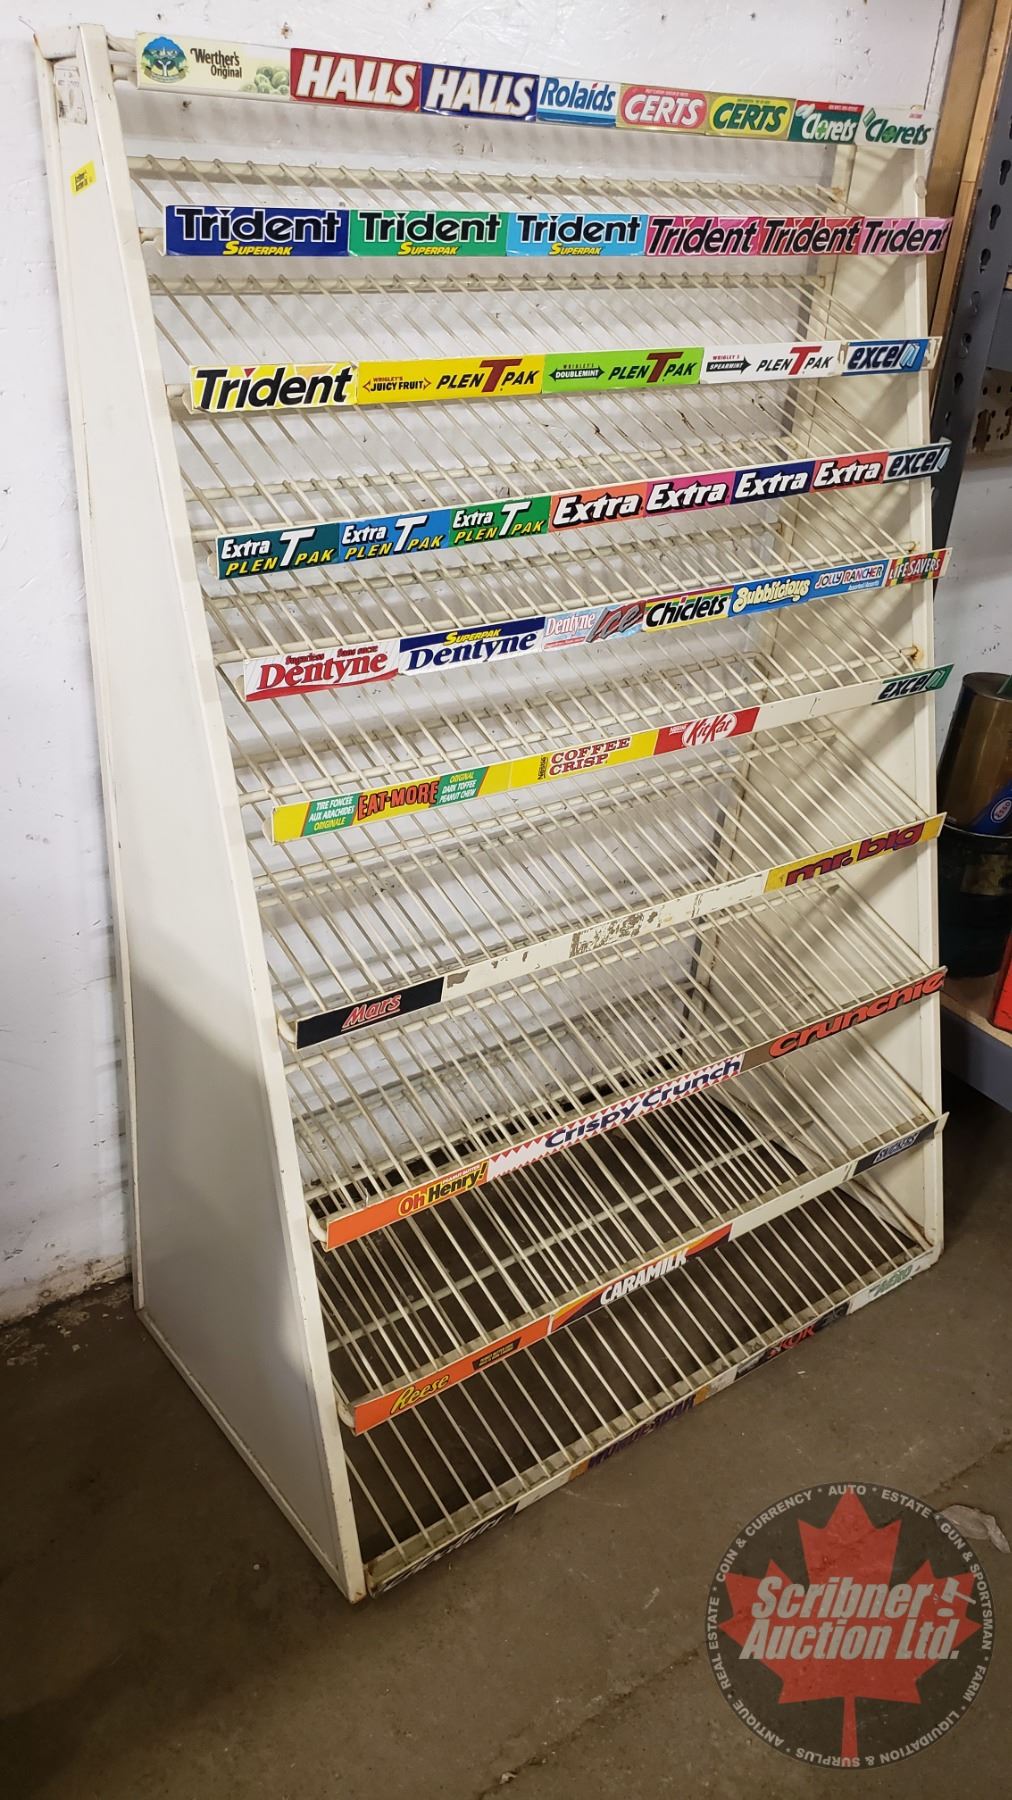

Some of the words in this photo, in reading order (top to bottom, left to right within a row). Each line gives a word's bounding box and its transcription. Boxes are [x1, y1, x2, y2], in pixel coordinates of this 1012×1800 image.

[190, 48, 240, 67] Werther's
[210, 64, 242, 79] Original
[295, 53, 417, 106] HALLS
[425, 68, 535, 118] HALLS
[540, 77, 616, 112] Rolaids
[625, 94, 704, 127] CERTS
[711, 101, 788, 132] CERTS
[801, 112, 858, 141] Clorets
[865, 117, 931, 145] Clorets
[175, 207, 341, 243] Trident
[358, 210, 500, 244] Trident
[517, 213, 641, 245] Trident
[649, 217, 759, 255] Trident
[760, 217, 860, 254] Trident
[222, 240, 293, 256] SUPERPAK
[398, 242, 458, 256] SUPERPAK
[847, 342, 907, 370] excel
[195, 365, 354, 411] Trident
[370, 382, 397, 391] JUICY
[398, 380, 424, 390] FRUIT
[555, 368, 599, 380] DOUBLEMINT
[813, 460, 883, 488] Extra
[886, 449, 941, 477] excel
[645, 481, 728, 512] Extra
[734, 471, 809, 499] Extra
[452, 508, 494, 529] Extra
[552, 493, 642, 528] Extra
[221, 538, 270, 560] Extra
[341, 524, 387, 545] Extra
[815, 571, 843, 589] JOLLY
[842, 564, 884, 584] RANCHER
[889, 562, 909, 579] LIFE
[908, 558, 941, 577] SAVERS
[732, 579, 810, 613] Bubblicious
[545, 613, 596, 637] Dentyne
[586, 608, 643, 643] Ice
[646, 596, 730, 629] Chiclets
[442, 628, 502, 646] SUPERPAK
[406, 632, 538, 672] Dentyne
[257, 652, 388, 690] Dentyne
[877, 670, 935, 702] excel
[549, 753, 608, 777] CRISP
[550, 737, 631, 765] COFFEE
[441, 784, 457, 794] DARK
[457, 780, 476, 791] TOFFEE
[449, 771, 474, 784] ORIGINAL
[316, 800, 329, 811] TIRE
[439, 792, 461, 803] PEANUT
[308, 812, 323, 822] AUX
[323, 806, 355, 819] ARACHIDES
[314, 817, 346, 831] ORIGINALE
[785, 849, 854, 887] mr.
[857, 821, 925, 861] big
[342, 994, 402, 1029] Mars
[769, 970, 946, 1058] crunchie
[544, 1101, 643, 1149] Crispy
[642, 1059, 742, 1109] Crunch
[398, 1193, 425, 1216] Oh
[427, 1163, 488, 1203] Henry!
[600, 1248, 688, 1307] CARAMILK
[390, 1375, 450, 1415] Reese

WORK TASK -
Reproduce the listing word for word, but keep the pictures out of it.

RESULT OF THIS EXERCISE -
Some of the words in this photo, in reading order (top to bottom, left to right within a row). Each line gives a word's bounding box and its transcription. Boxes are [x1, y1, x2, y2], in pixel coordinates of this 1012×1800 image.

[190, 48, 240, 67] Werther's
[210, 64, 242, 79] Original
[295, 53, 417, 106] HALLS
[425, 68, 535, 118] HALLS
[540, 77, 616, 112] Rolaids
[625, 94, 704, 127] CERTS
[711, 101, 788, 132] CERTS
[801, 112, 858, 141] Clorets
[865, 117, 931, 145] Clorets
[175, 207, 341, 243] Trident
[358, 210, 500, 244] Trident
[517, 213, 641, 245] Trident
[649, 217, 759, 255] Trident
[760, 217, 860, 254] Trident
[222, 240, 293, 256] SUPERPAK
[398, 242, 458, 256] SUPERPAK
[847, 342, 907, 370] excel
[195, 365, 354, 411] Trident
[370, 382, 397, 391] JUICY
[398, 380, 424, 390] FRUIT
[555, 368, 599, 380] DOUBLEMINT
[813, 460, 883, 488] Extra
[886, 449, 941, 477] excel
[645, 481, 728, 512] Extra
[734, 471, 809, 499] Extra
[452, 508, 494, 529] Extra
[552, 493, 642, 528] Extra
[221, 538, 270, 560] Extra
[341, 524, 387, 545] Extra
[815, 571, 843, 589] JOLLY
[842, 564, 884, 584] RANCHER
[889, 562, 909, 579] LIFE
[908, 558, 941, 577] SAVERS
[732, 579, 810, 613] Bubblicious
[545, 613, 596, 637] Dentyne
[586, 608, 643, 643] Ice
[646, 596, 730, 629] Chiclets
[442, 628, 502, 646] SUPERPAK
[406, 632, 538, 672] Dentyne
[257, 652, 388, 690] Dentyne
[877, 670, 935, 702] excel
[549, 753, 608, 777] CRISP
[550, 737, 631, 765] COFFEE
[441, 784, 457, 794] DARK
[457, 780, 476, 791] TOFFEE
[449, 771, 474, 784] ORIGINAL
[316, 800, 329, 811] TIRE
[439, 792, 461, 803] PEANUT
[308, 812, 323, 822] AUX
[323, 806, 355, 819] ARACHIDES
[314, 817, 346, 831] ORIGINALE
[785, 849, 854, 887] mr.
[857, 821, 925, 861] big
[342, 994, 402, 1029] Mars
[769, 970, 946, 1058] crunchie
[544, 1101, 643, 1149] Crispy
[642, 1059, 742, 1109] Crunch
[398, 1193, 425, 1216] Oh
[427, 1163, 488, 1203] Henry!
[600, 1248, 688, 1307] CARAMILK
[390, 1375, 450, 1415] Reese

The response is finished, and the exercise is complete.